ADR-Verfahren

Ein Bankenkonsortium blamiert sich im Streit um die Domain wero.eu

In einem aktuellen ADR-Verfahren um die Domain wero.eu blamiert sich ein Bankenkonsortium mit Hilfe einer Lawfirm vor einem ADR-Panel, das sich nicht dazu durchringen konnte, Reverse Domain Name Hijacking festzustellen. Die auf Französisch verfasste ADR-Entscheidung wirft kein gutes Licht auf die Initiatoren und deren Pläne, ein einheitliches europäisches Zahlungsverfahren zu etablieren.

Die European Payments Initiative (EPI) ist ein Zusammenschluss europäischer Zahlungsdienstleister und Banken aus sieben Ländern mit Sitz in Brüssel. Die EPI will ein einheitliches europäisches Zahlungsverfahren für Kunden und Händler etablieren, das unter dem Namen »Wero« am 02. Juli 2024 gestartet ist. Es sieht seine Rechte durch die Domain wero.eu verletzt und startete ein ADR-Verfahren vor der WIPO. Dort trug es, vertreten durch eine Lawfirm, unter anderem vor, man sei Inhaberin einer EU-Marke »WERO«, angemeldet am 31. März 2023 und eingetragen am 15. August 2023. Mit dieser sei die Domain wero.eu identisch. Der Inhaber der Domain und Gegner im ADR-Verfahren habe kein Recht oder berechtigtes Interesse an der Domain und verlange für die Domain überzogene Preise zwischen EUR 250.000,– und über EUR 1 Mio. Der Gegner, Adrien Remacle (BUILDOG) aus Belgien, hielt entgegen, er sei seit über 15 Jahren im Bereich der Software-Entwicklung tätig. Die Domain wero.eu habe er am 12. Juli 2022 für EUR 3.999,– gekauft, bevor die Marke »WERO« angemeldet, eingetragen und bekannt wurde. »Wero« sei einerseits ein Begriff, der als Akronym geeignet sei, andererseits habe er einen detaillierten Businessplan und Entwicklungen für ein Softwareprojekt unter diesem Namen erstellt. Die Verzögerung dieses Projekts sei auf ernsthafte Gesundheitsprobleme seit Anfang 2023 zurückzuführen, die ihn gezwungen hätten, seine Aktivitäten bis Ende 2024 auszusetzen. Hinsichtlich der Preisverhandlungen erklärte er, es seien von der Beschwerdeführerin beauftragte Broker an ihn herangetreten, die beharrliche Anfragen stellten und ihn dann ungenaue Aussagen unterstellten.

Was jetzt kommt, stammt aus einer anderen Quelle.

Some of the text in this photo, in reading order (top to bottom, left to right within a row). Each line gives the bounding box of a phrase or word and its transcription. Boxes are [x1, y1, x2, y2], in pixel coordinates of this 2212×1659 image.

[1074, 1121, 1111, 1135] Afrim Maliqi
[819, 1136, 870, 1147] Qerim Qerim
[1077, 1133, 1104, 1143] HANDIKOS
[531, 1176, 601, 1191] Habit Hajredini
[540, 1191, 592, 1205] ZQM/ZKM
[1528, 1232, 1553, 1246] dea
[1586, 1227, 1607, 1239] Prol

Der Gegner beantragte die Abweisung der Beschwerde und Feststellung eines Reverse Domain Name Hijacking (RDNH). Den Streit entschied ein Dreierpanel bestehend aus dem belgischen Rechtsanwalt und Professor Alain Strowel als Vorsitzendem und den Beisitzenden, dem belgischen Jurist Geert Glas und dem Brüsseler Rechtsanwalt Flip Jan Claude Petillion.

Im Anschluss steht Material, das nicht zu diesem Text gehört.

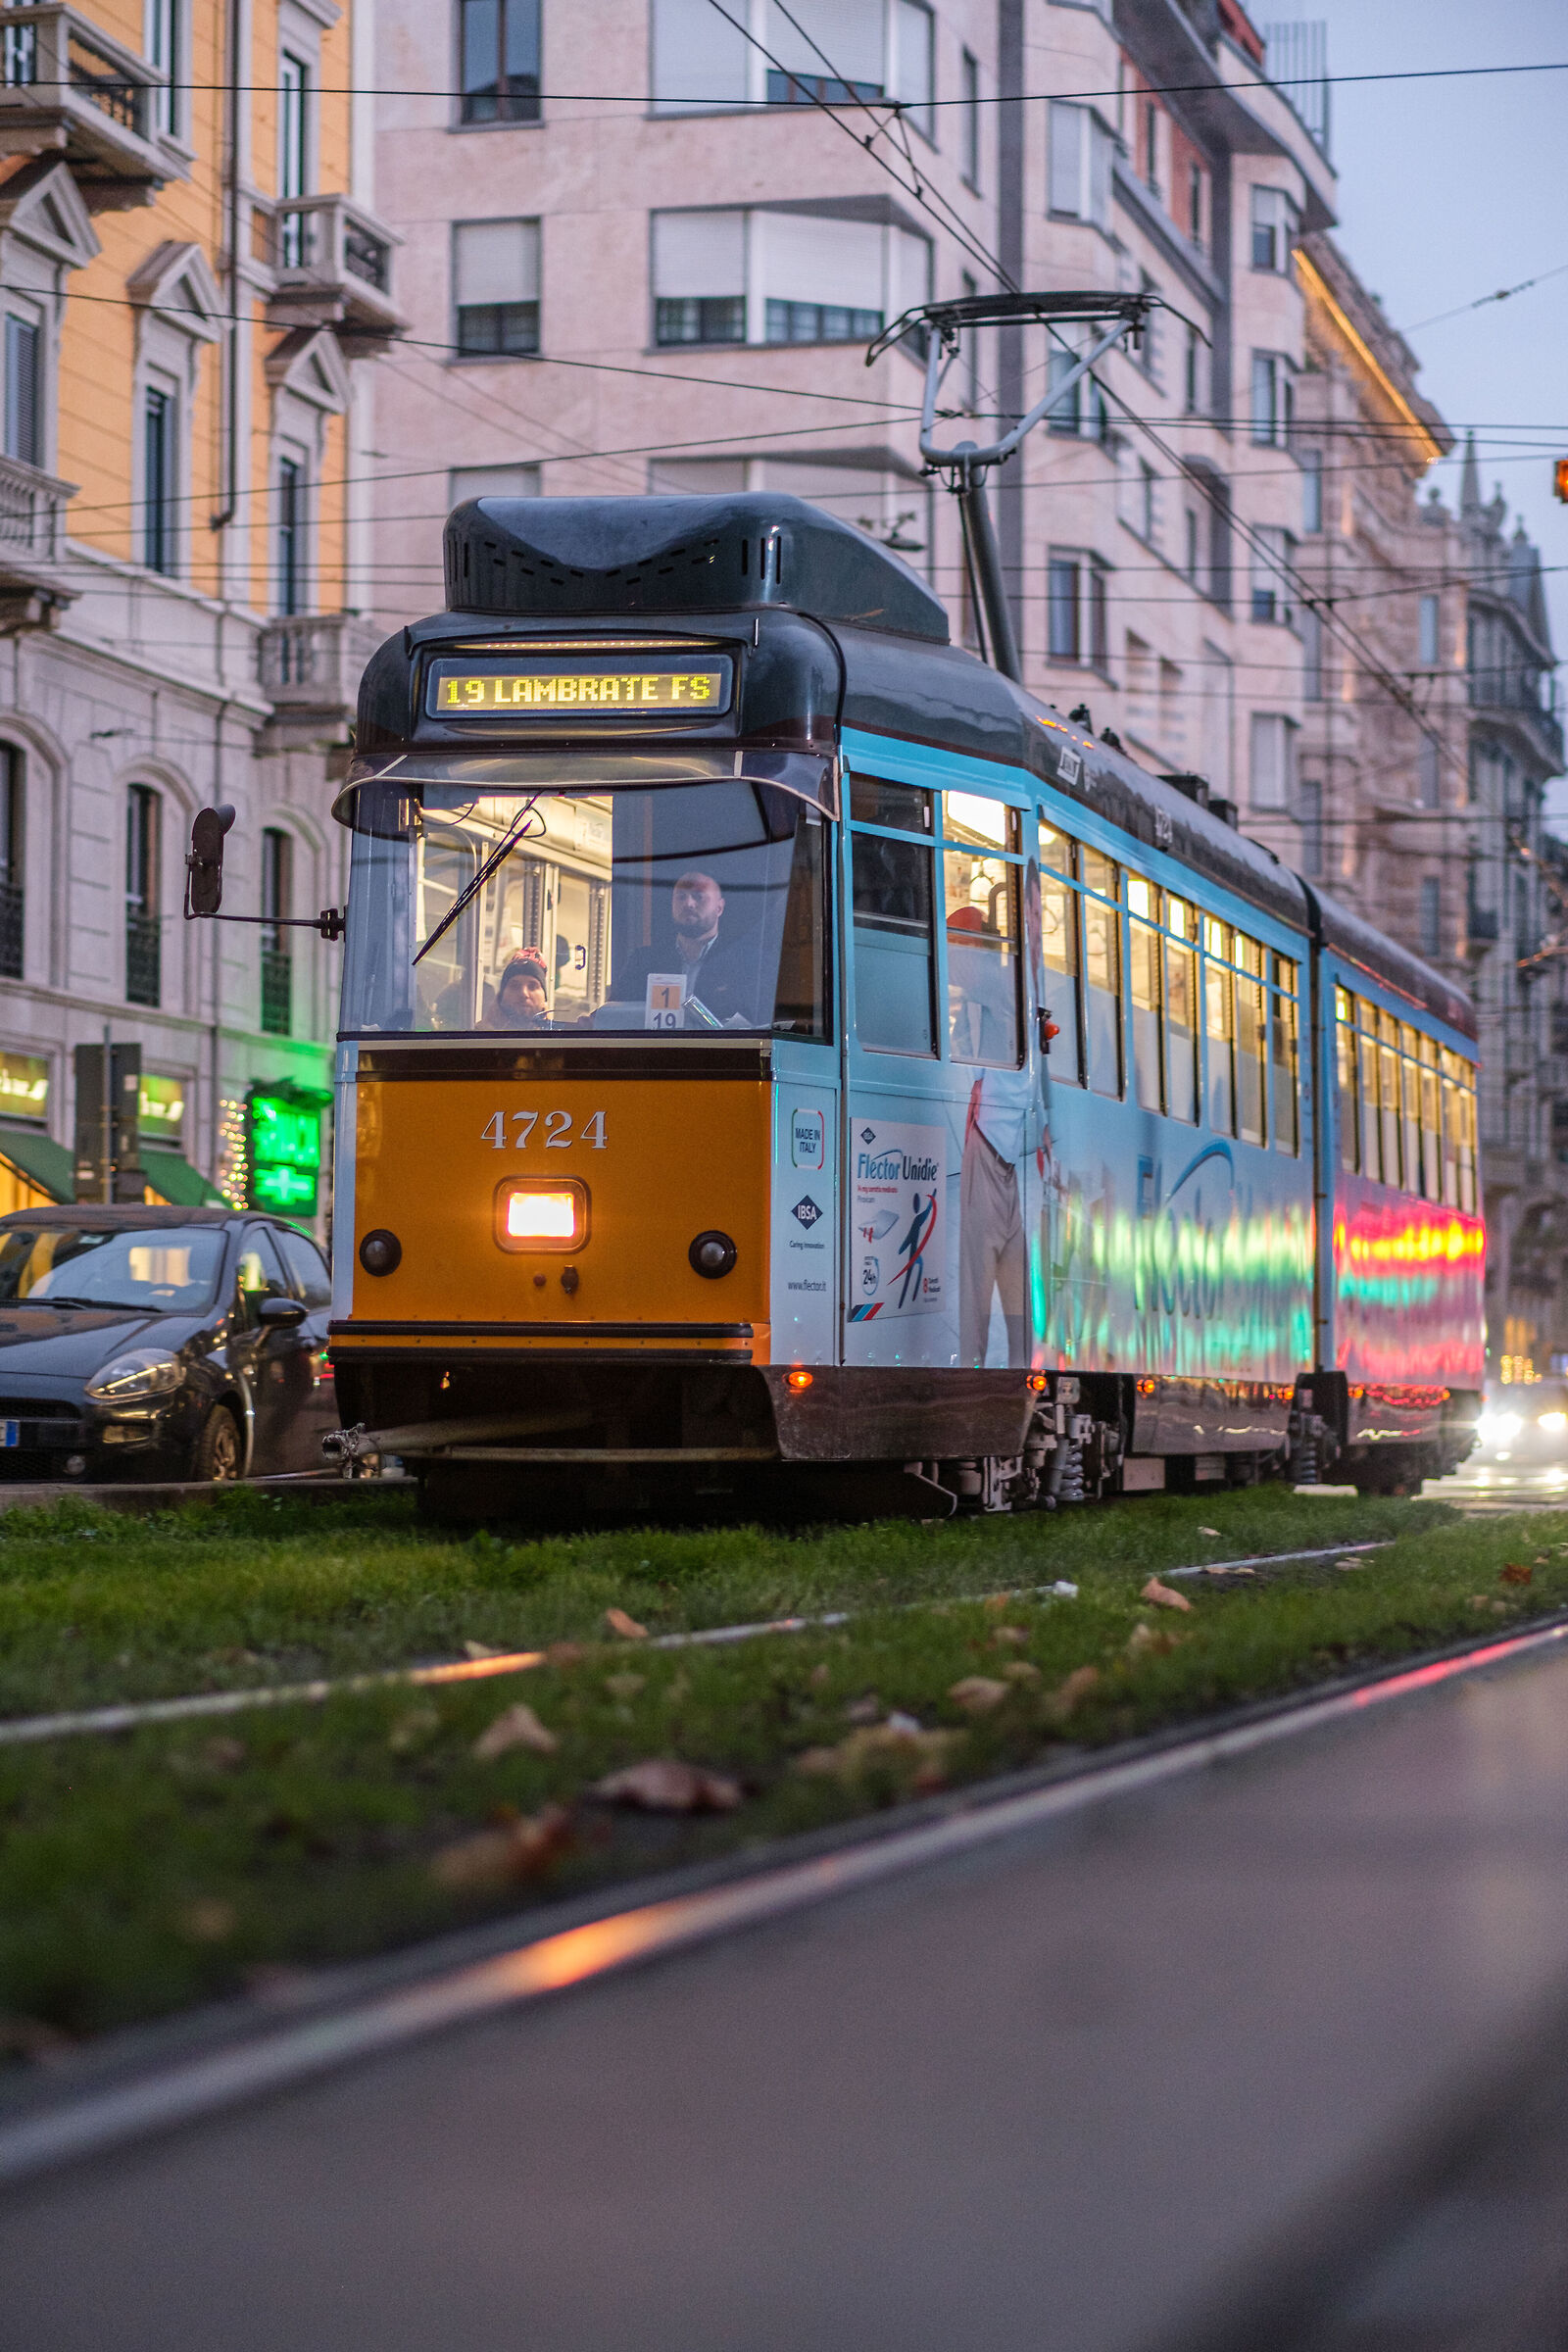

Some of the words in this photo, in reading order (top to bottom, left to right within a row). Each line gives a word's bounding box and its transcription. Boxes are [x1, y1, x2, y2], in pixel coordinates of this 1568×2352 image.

[447, 679, 485, 704] 19
[494, 677, 659, 704] LAMBRATE
[671, 675, 710, 701] FS
[661, 987, 670, 1008] 1
[654, 1012, 676, 1029] 19
[480, 1110, 608, 1150] 4724
[795, 1128, 813, 1140] MADE
[813, 1129, 821, 1141] IN
[799, 1141, 816, 1153] ITALY
[858, 1152, 901, 1180] Flector
[902, 1155, 938, 1181] Unidie
[797, 1204, 817, 1220] IBSA

Das Dreierpanel wies die Beschwerde der EPI ab, stellte allerdings kein RDNH fest (WIPO ADR Litige No. DEU2025-0015). Zunächst bestätigte das Panel die Identität von Marke und Domain. Im Hinblick auf das fehlende Recht oder rechtliche Interesse des Gegners an der Domain stellte das Panel fest, dass die Beschwerdeführerin nicht genug Beweise vorgelegt habe. Aus dem Vortrag und den Unterlagen des Gegners ergäbe sich, dass der die Domain wero.eu am 12. Juli 2022 für EUR 3.999,– gekauft habe, seit langem im Bereich Software-Entwicklung tätig ist, Vorarbeiten zur Nutzung der Domain im Zusammenhang mit dem Projekt »WERO« (Waste & Recycling Optimization), das unter der Domain angezeigt wird, geleistet hat, und Anfang 2023 ernsthafte Gesundheitsprobleme hatte, die die Fortführung des Projekts behinderten. Davon abgesehen verleihe der Umstand, dass die Domain aus vier Buchstaben besteht, ihr einen eigenen Wert. Damit war die Beschwerde bereits gescheitert.

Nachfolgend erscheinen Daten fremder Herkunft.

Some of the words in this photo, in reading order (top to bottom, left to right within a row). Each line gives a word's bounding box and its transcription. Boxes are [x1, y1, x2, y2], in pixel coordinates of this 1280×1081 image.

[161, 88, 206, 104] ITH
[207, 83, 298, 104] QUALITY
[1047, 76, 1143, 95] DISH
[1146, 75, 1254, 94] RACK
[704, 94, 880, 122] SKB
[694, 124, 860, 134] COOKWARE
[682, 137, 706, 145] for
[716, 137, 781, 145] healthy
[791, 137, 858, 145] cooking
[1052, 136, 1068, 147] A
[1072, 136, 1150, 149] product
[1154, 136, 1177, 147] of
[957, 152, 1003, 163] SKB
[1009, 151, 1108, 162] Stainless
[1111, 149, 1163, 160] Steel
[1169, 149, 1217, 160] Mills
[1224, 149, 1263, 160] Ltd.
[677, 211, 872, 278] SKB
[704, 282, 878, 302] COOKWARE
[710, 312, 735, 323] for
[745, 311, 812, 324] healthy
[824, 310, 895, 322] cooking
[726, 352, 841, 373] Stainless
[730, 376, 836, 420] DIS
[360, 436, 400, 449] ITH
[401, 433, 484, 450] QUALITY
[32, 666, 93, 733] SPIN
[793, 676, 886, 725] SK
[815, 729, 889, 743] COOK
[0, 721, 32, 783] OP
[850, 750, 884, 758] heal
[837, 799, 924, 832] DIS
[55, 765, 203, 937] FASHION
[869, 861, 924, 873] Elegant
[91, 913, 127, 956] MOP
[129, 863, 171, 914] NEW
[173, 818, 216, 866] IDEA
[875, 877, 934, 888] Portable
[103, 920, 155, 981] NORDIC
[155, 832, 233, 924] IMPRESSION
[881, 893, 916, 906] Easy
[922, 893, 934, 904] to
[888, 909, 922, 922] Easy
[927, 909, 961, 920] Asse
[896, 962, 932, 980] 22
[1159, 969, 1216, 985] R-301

Das Panel prüfte allerdings auch noch die Bösgläubigkeit des Gegners. Die war nicht gegeben, weil der einerseits die Domain wero.eu vor Beantragung und Eintragung der Marke erworben hatte, weshalb er damit nicht auf die Beschwerdeführerin abgezielt haben konnte. Andererseits sei nicht nachgewiesen, dass der Gegner mit den Inhalten unter der Domain auf die Marke und Aktivitäten der Beschwerdeführerin im Bereich der digitalen Zahlungen ziele. Der Gegner habe hingegen seine ernsthaft betriebenen Vorbereitungen für das Projekt zur Optimierung der Abfallwirtschaft nachgewiesen. Weiter sei ersichtlich, dass die Kontaktaufnahme zur Übertragung der Domain von den von der Beschwerdeführerin beauftragten Brokern ausging. Im Verlauf der Verhandlungen habe der Gegner seine Preisposition gesenkt, insbesondere als er direkt von der Beschwerdeführerin angesprochen wurde; und zu einem bestimmten Zeitpunkt habe er sein Angebot unter den Wert gesenkt, den die Beschwerdeführerin während der Verhandlungen genannt hat. Das Panel geht davon aus, dass der Gegner nicht bösgläubig gehandelt habe.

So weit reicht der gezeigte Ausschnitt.